The razor wire coils on top of the galvanised mesh fencing gave it more of a detention centre feel than that of a garden centre, but thefts dropped an amazing 40 per cent after it was installed.

It should also be mentioned that Davo, the cleaner, also left at the same time the fence was installed so that could have something to do with the drop in theft rate.

Anyway, it served a purpose and was a good example of solving a problem by not skimping on quality.

The same goes for backyard fencing. A few wooden stakes and bits of wool may be a cheap option, but is it really going to stop soccer balls from going through to the neighbour’s, or be enough to support a passionfruit vine? Probably not.

Wooden palings or that coloured metal sheeting would have to be the most common forms of fencing in Aussie backyards but your options need not be limited to that.

A series of old 44-gallon-drums stacked up can make a nice feature, or even pruned and dead branches woven together.

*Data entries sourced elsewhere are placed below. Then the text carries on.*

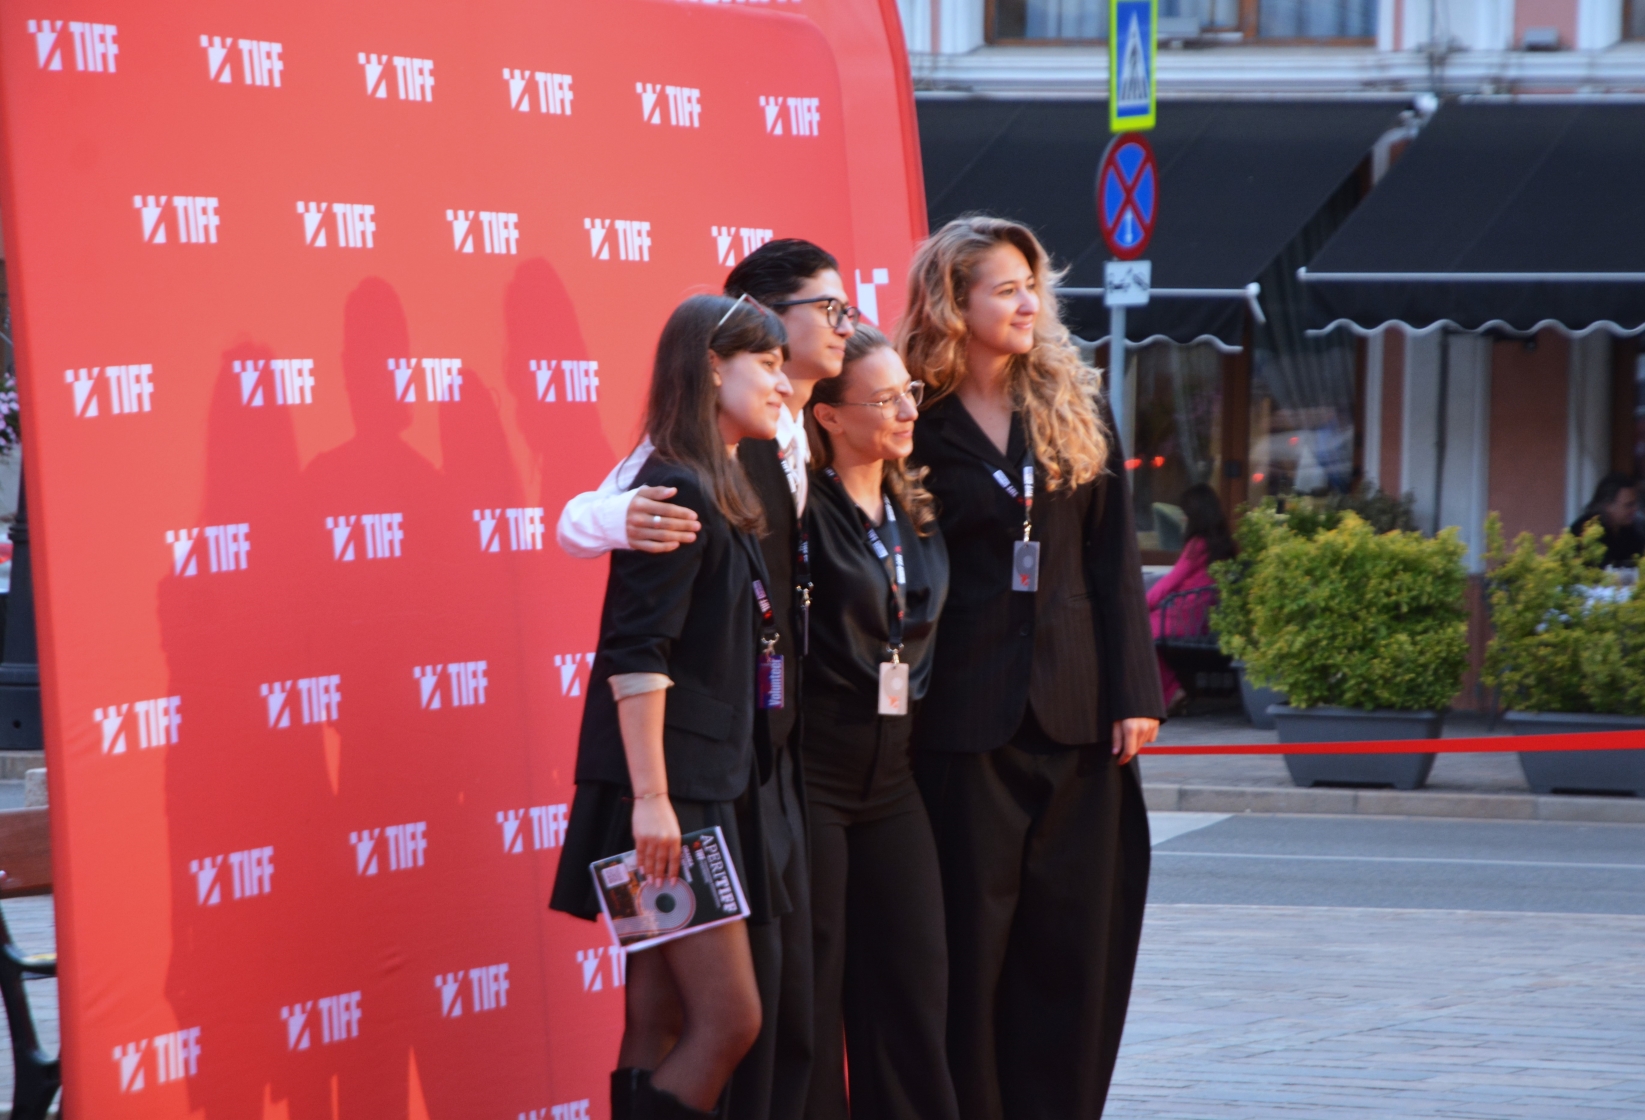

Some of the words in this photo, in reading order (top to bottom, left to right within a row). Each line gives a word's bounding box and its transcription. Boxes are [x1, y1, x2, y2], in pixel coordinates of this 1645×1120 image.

[69, 22, 118, 72] TIFF
[238, 39, 283, 87] TIFF
[393, 56, 434, 101] TIFF
[535, 72, 573, 115] TIFF
[665, 86, 701, 127] TIFF
[787, 98, 820, 135] TIFF
[173, 196, 219, 243] TIFF
[333, 203, 375, 248] TIFF
[479, 212, 519, 254] TIFF
[615, 220, 651, 261] TIFF
[106, 364, 153, 414] TIFF
[271, 359, 314, 404] TIFF
[422, 358, 462, 401] TIFF
[562, 361, 599, 402] TIFF
[204, 523, 250, 572] TIFF
[361, 513, 403, 558] TIFF
[506, 507, 544, 550] TIFF
[297, 675, 340, 723] TIFF
[448, 661, 487, 706] TIFF
[768, 658, 782, 707] Volunteer
[134, 697, 180, 748] TIFF
[385, 822, 427, 870] TIFF
[529, 804, 567, 849] TIFF
[229, 846, 273, 898] TIFF
[700, 835, 738, 912] APERITIFF
[469, 963, 509, 1011] TIFF
[318, 991, 361, 1043] TIFF
[153, 1027, 200, 1083] TIFF
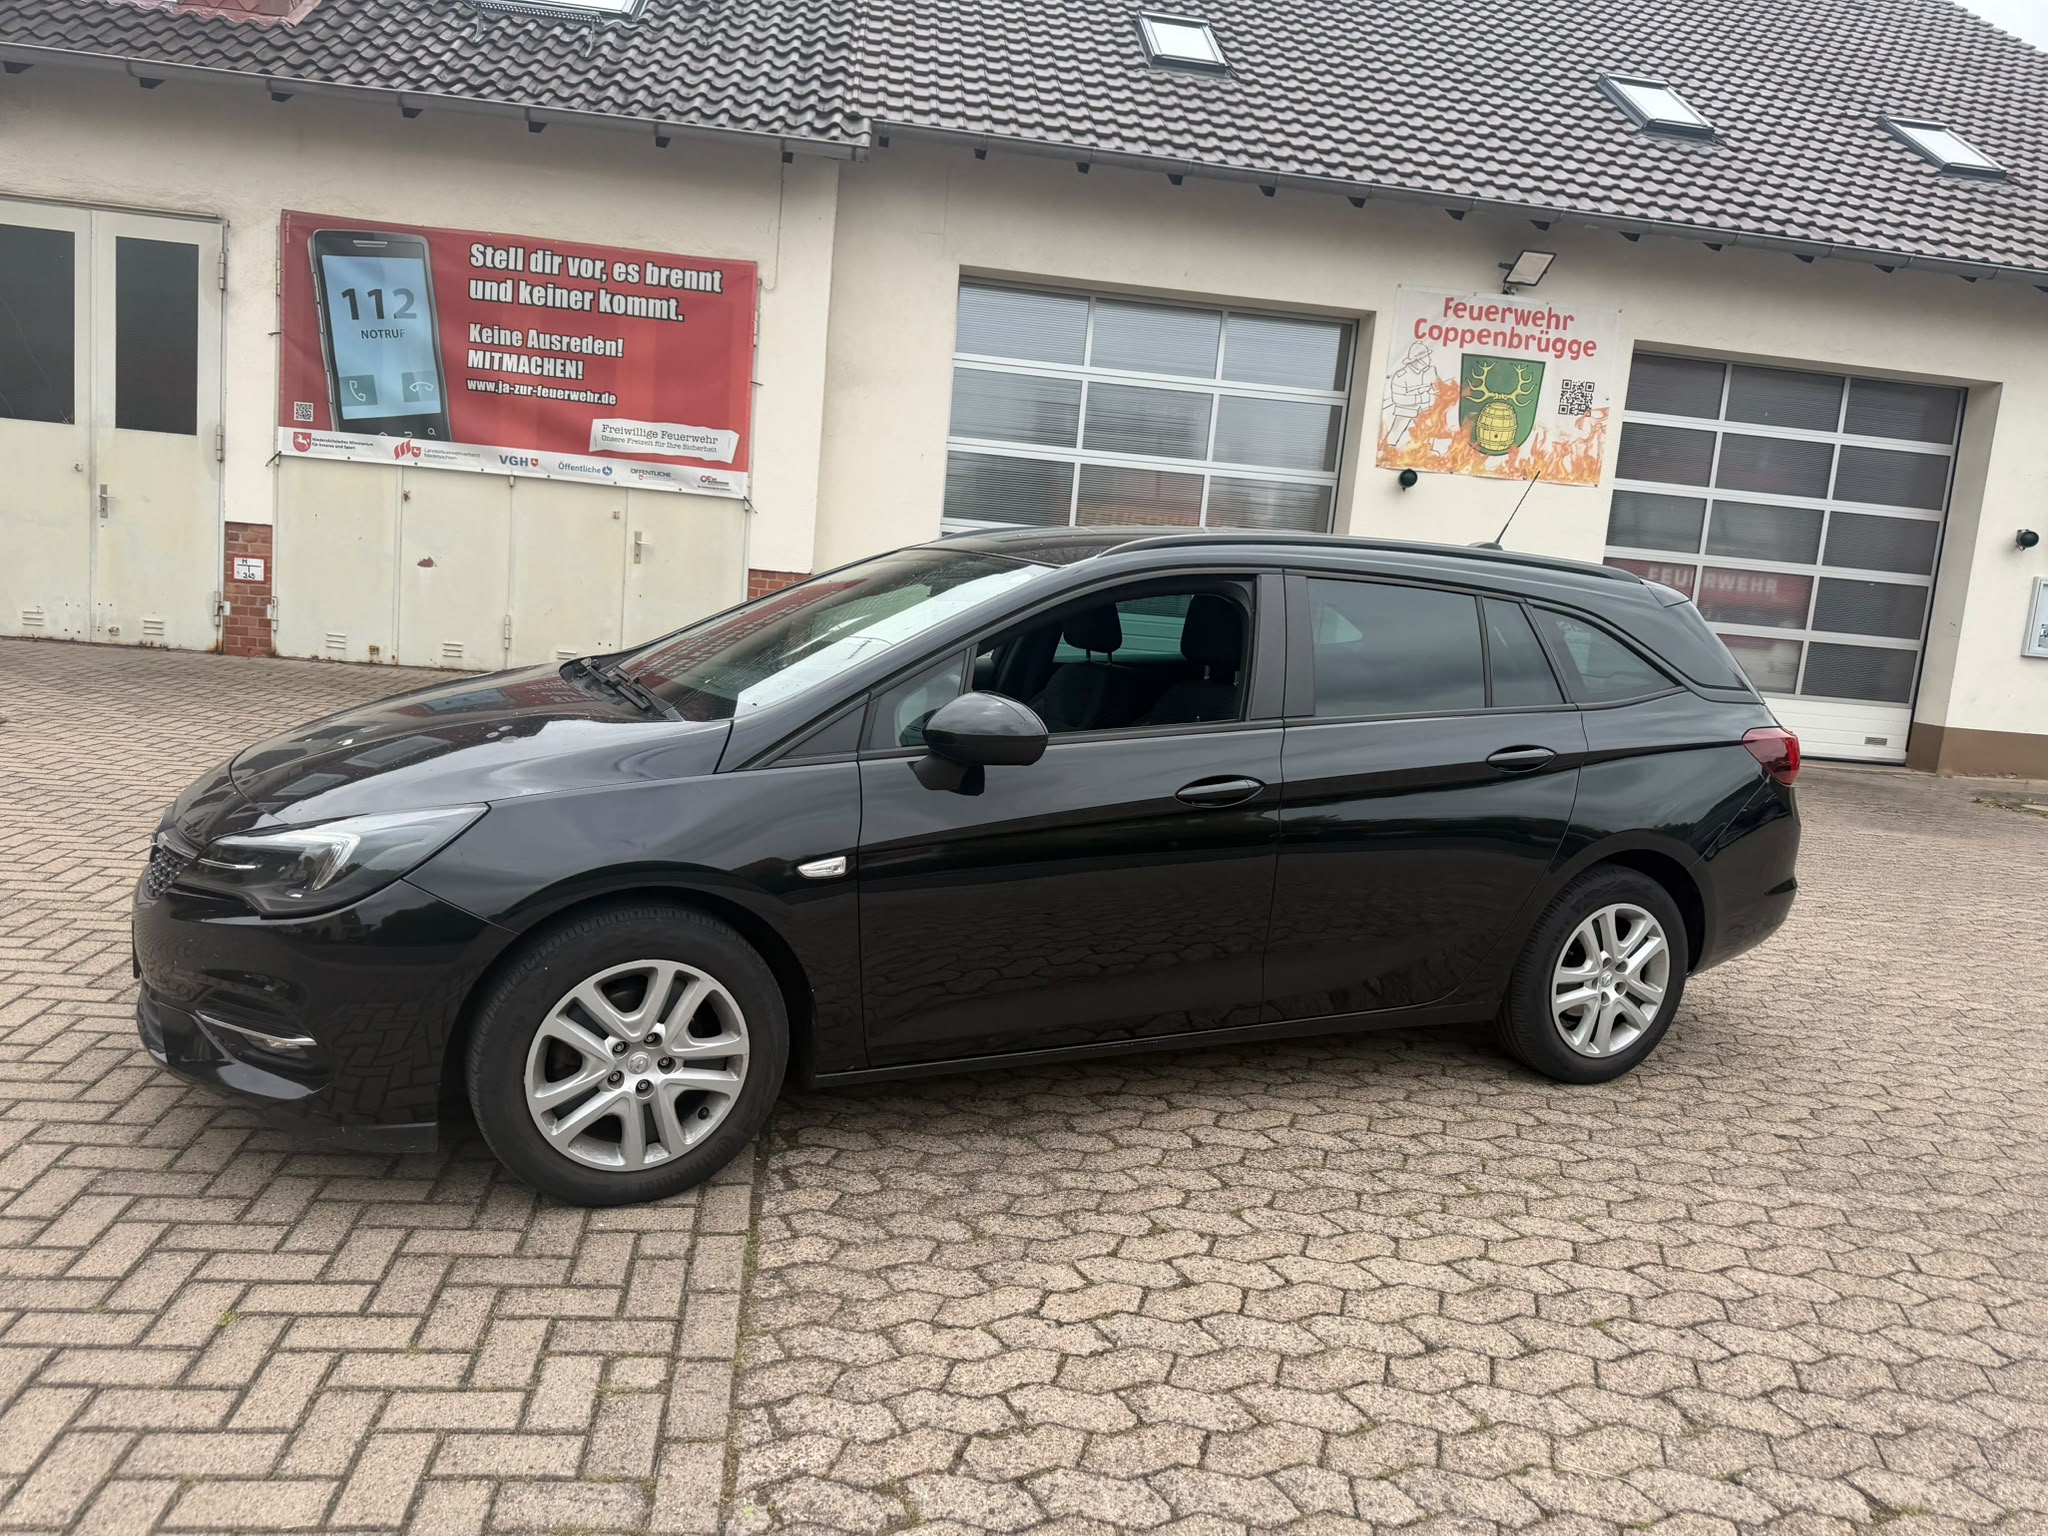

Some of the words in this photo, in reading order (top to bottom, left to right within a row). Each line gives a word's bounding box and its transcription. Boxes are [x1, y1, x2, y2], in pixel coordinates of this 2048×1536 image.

[469, 242, 525, 272] Stell
[528, 248, 563, 276] dir
[566, 255, 608, 284] vor,
[611, 260, 642, 285] es
[644, 260, 723, 294] brennt
[468, 278, 514, 304] und
[518, 279, 595, 312] keiner
[598, 288, 685, 323] kommt.
[1443, 297, 1575, 331] Feuerwehr
[360, 328, 405, 339] NOTRUF
[468, 322, 524, 348] Keine
[526, 328, 625, 358] Ausreden!
[1414, 318, 1597, 360] Coppenbrügge
[467, 349, 585, 381] MITMACHEN!
[466, 378, 618, 407] www.ja-zur-feuerwehr.de
[601, 423, 659, 439] Freiwillige
[660, 430, 719, 446] Feuerwehr
[601, 434, 626, 443] Unsere
[626, 437, 654, 447] Freizeit
[682, 443, 718, 453] Sicherheit
[499, 454, 529, 467] VGH
[558, 461, 601, 474] Öffentliche

Discarded packing crates/pallets give a nice tone to a yard, while 30 – 40 strands of 80lb fishing line gives a glimmer of class when used with those citronella burning bamboo poles.

A university garden design student I once met had the idea of creating a fence by running out kilometres of Glad Wrap, secured at various intervals by stakes painted up as barber poles. Sure, it let a lot of light in, but it wasn’t very kind on the environment. (It also tended to scorch the grass due to a “magnifying glass” effect on sunny days.)

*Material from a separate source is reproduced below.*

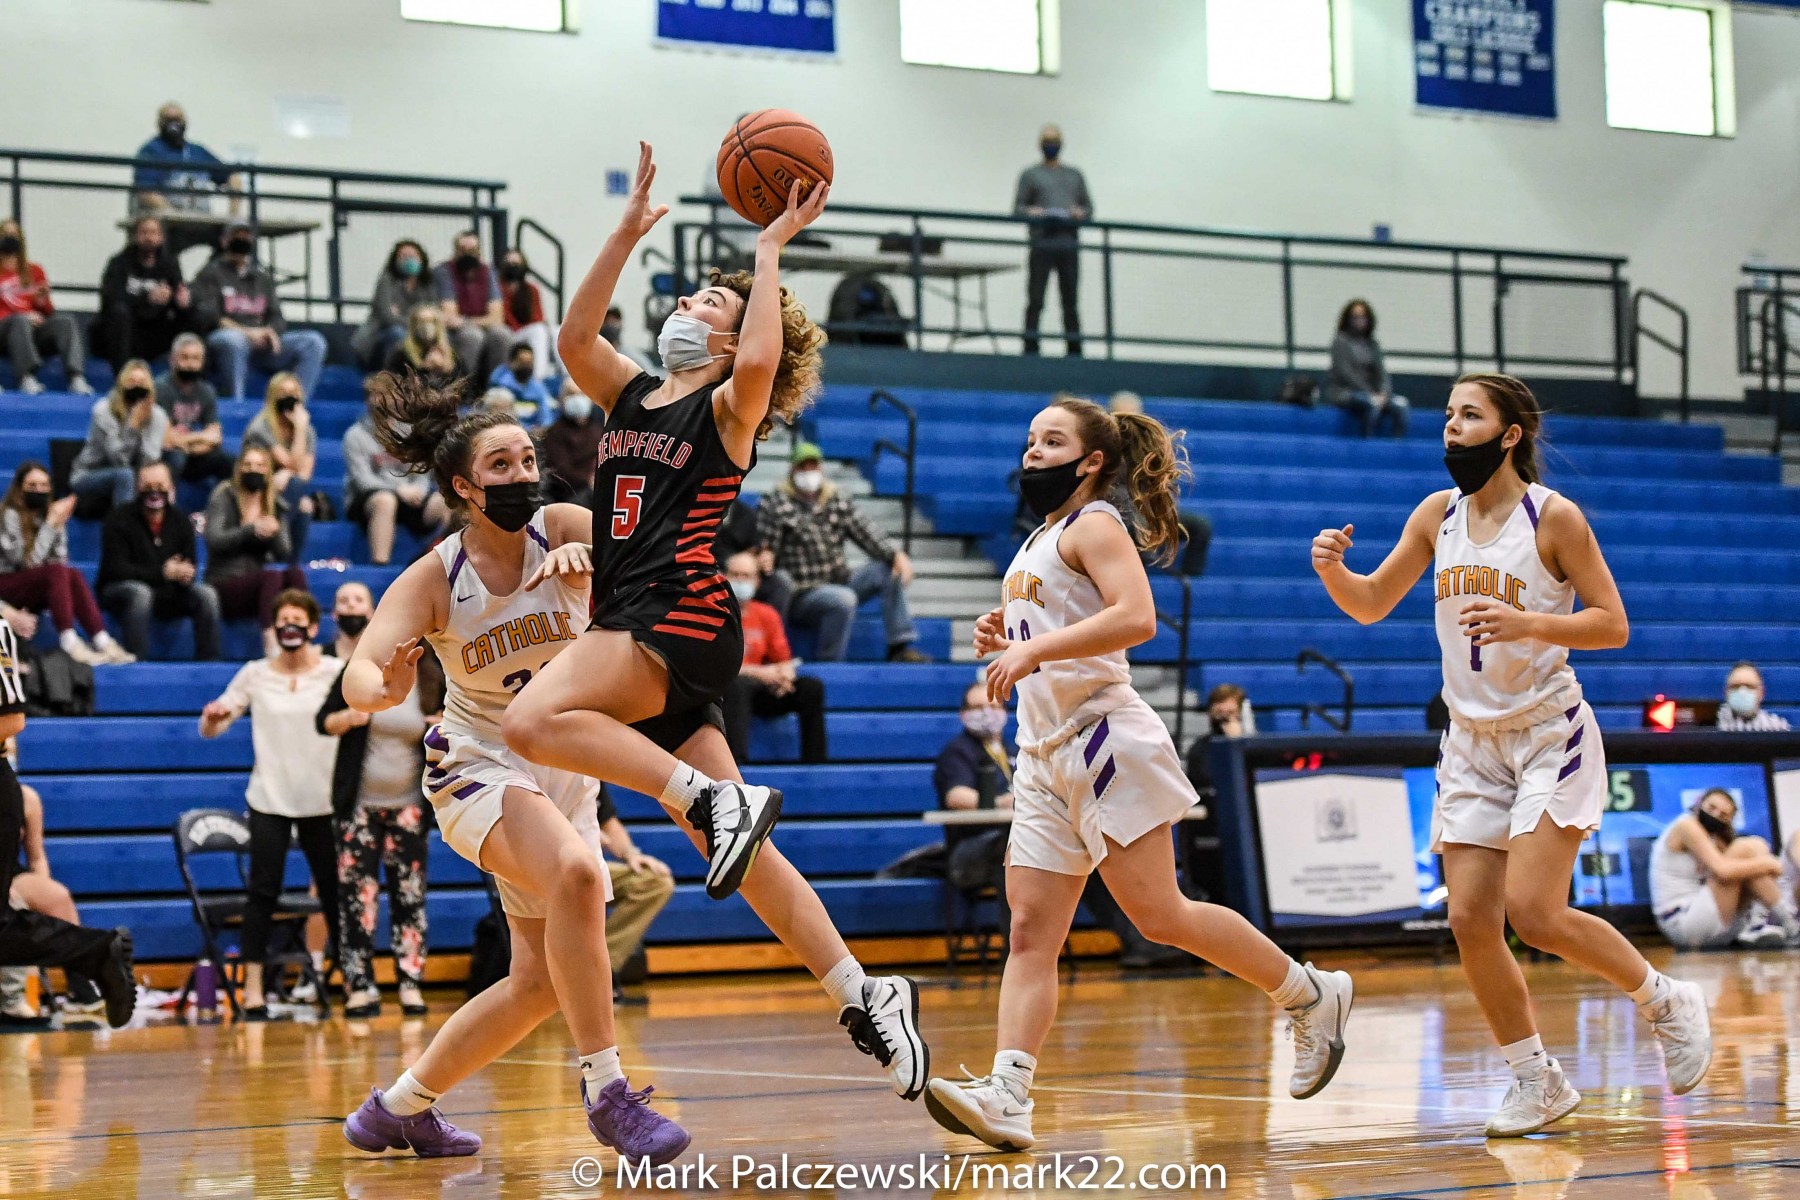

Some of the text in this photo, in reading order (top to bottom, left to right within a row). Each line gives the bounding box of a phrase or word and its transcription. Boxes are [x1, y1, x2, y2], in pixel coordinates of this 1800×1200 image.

[611, 474, 646, 540] 5
[461, 611, 577, 675] CATHOLIC
[1604, 770, 1636, 811] 5

Think ahead when it comes to planning your fence. Here are some questions to ask in the earlier stages, so they don’t become headaches (or court cases) down the track:

-How ugly are the families who live around me?

-Where will I put a gate, or will a cattle grid do the job?

-Do I need to find out incriminating information about my neighbour in order to ensure he/she agrees to pay for half the fence?

-Should I run a few strands of thin wire through the fence in case electrification is needed later on?

-Who do I know at the council in order to get this passed?

-Has the timber been sustainably grown or could I care less if it has?

Remember that fences don’t just divide; they make a statement of status and help contain the hideous people.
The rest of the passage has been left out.